Start of Information shown

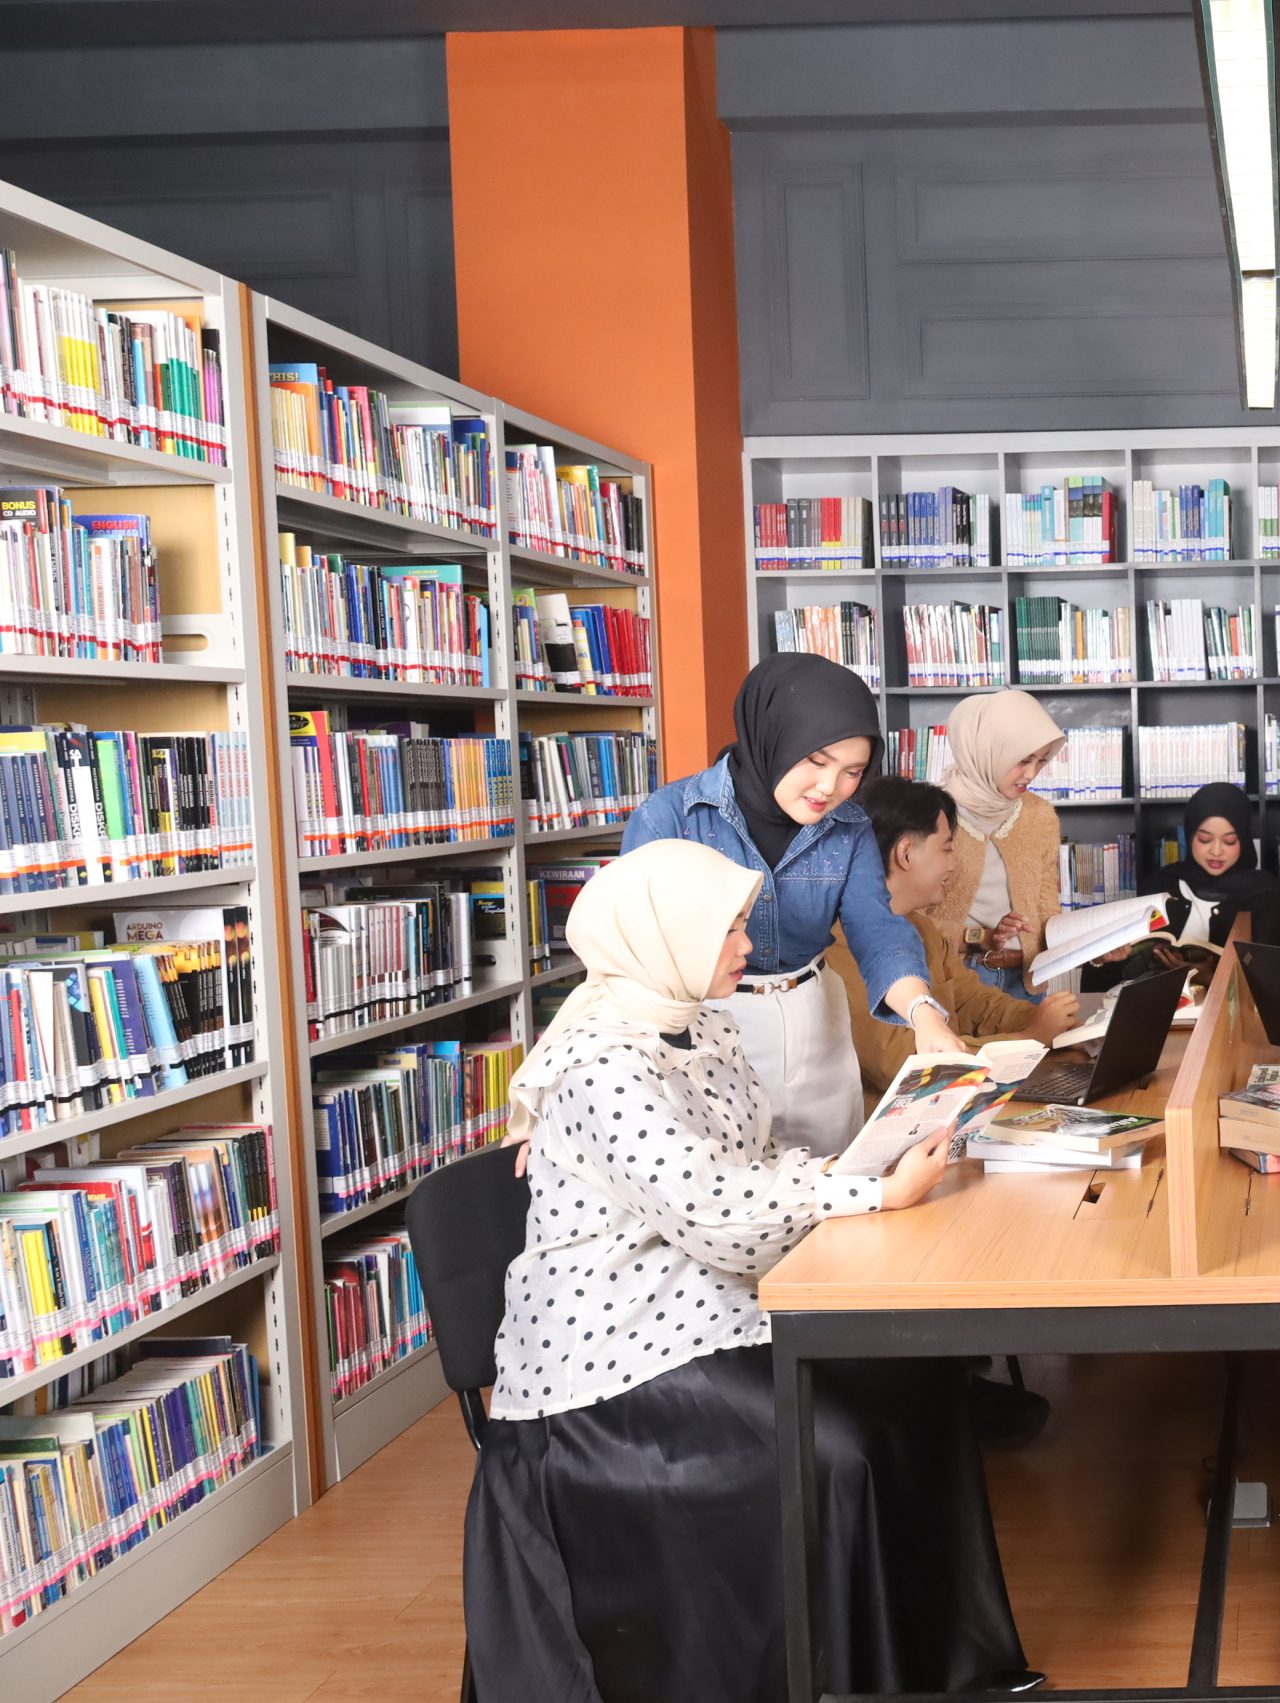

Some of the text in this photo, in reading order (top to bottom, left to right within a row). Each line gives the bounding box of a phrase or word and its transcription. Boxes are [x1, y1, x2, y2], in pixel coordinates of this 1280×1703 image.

[270, 372, 299, 381] HIS!
[2, 501, 36, 510] BONUS
[92, 521, 138, 529] ENGLISH
[127, 922, 163, 931] ARDUINO
[126, 930, 164, 941] MEGA
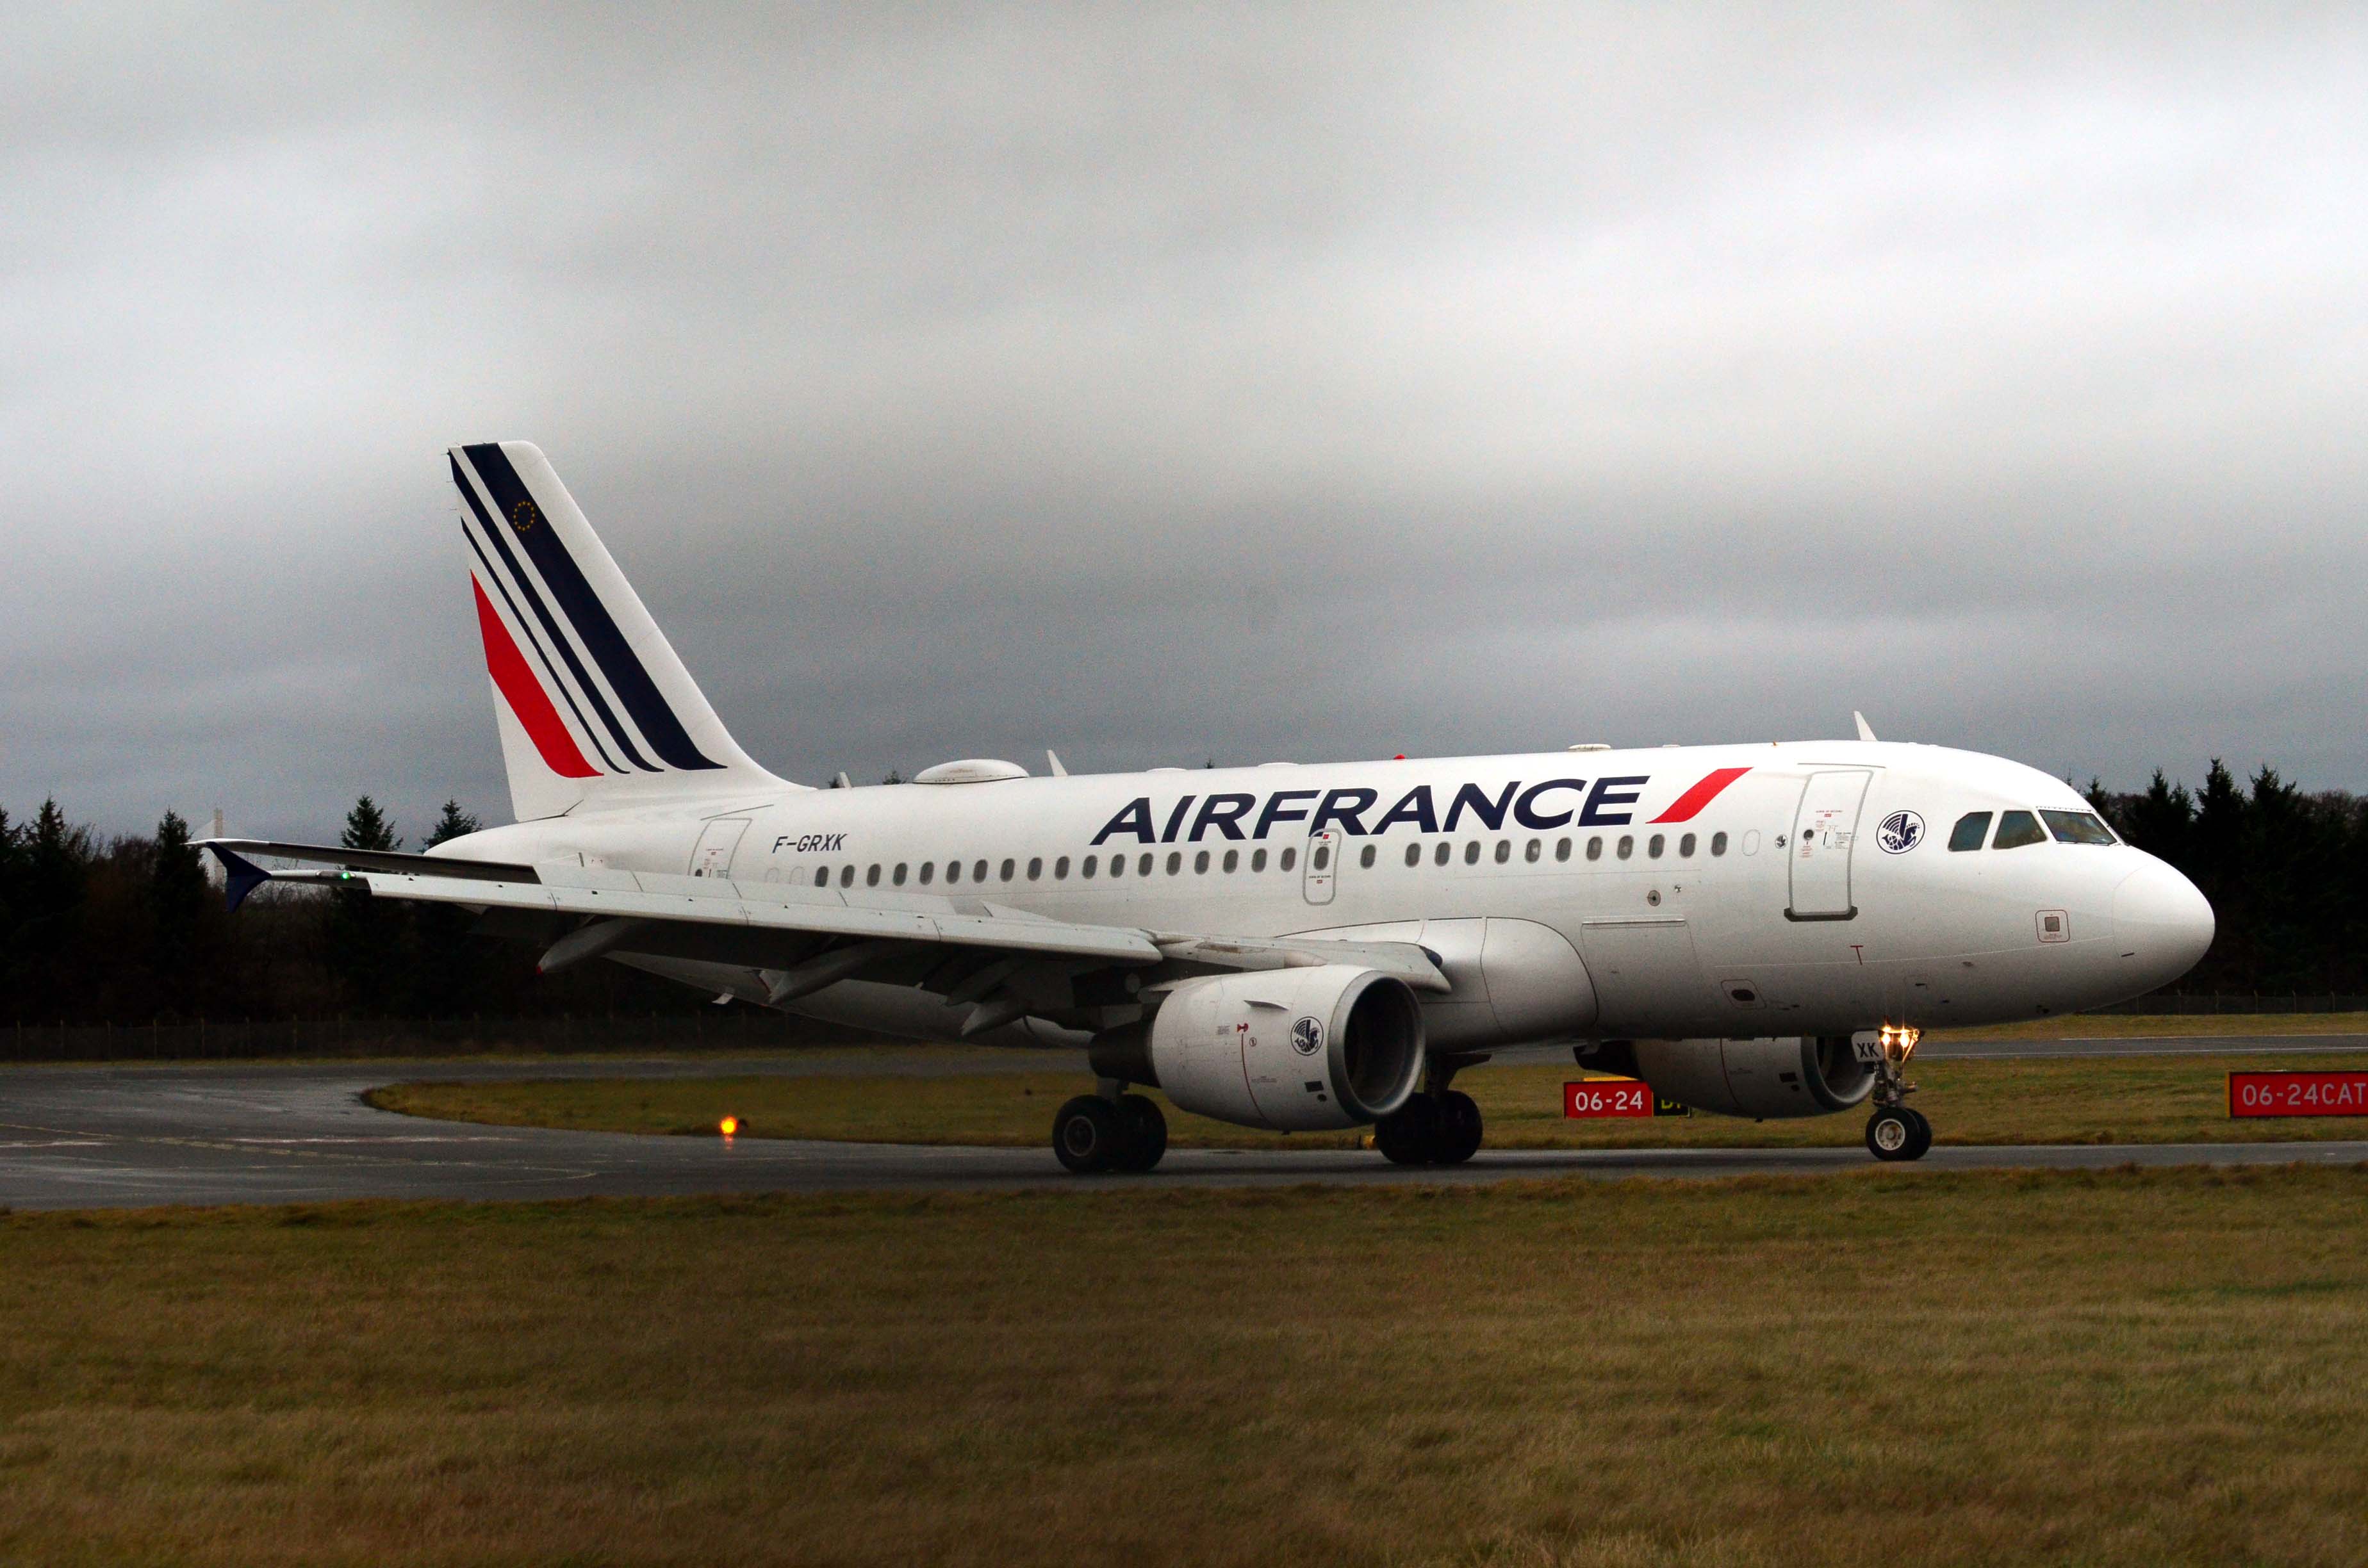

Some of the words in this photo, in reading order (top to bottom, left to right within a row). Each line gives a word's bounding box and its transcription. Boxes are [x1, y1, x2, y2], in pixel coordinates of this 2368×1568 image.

[772, 833, 848, 854] F-GRXK
[1857, 1042, 1879, 1058] XK
[1575, 1090, 1643, 1111] 06-24

End of Information shown

Output the listing exactly, without images.

## Answer section:
Some of the text in this photo, in reading order (top to bottom, left to right within a row). Each line gives the bounding box of a phrase or word and its transcription. Boxes are [x1, y1, x2, y2], in pixel coordinates of this 1280×1703 image.

[270, 372, 299, 381] HIS!
[2, 501, 36, 510] BONUS
[92, 521, 138, 529] ENGLISH
[127, 922, 163, 931] ARDUINO
[126, 930, 164, 941] MEGA

Some of the words in this photo, in reading order (top to bottom, left to right within a row). Each line gives a word's bounding box and its transcription. Boxes are [x1, y1, x2, y2], in pixel coordinates of this 2368×1568 image.

[772, 833, 848, 854] F-GRXK
[1857, 1042, 1879, 1058] XK
[1575, 1090, 1643, 1111] 06-24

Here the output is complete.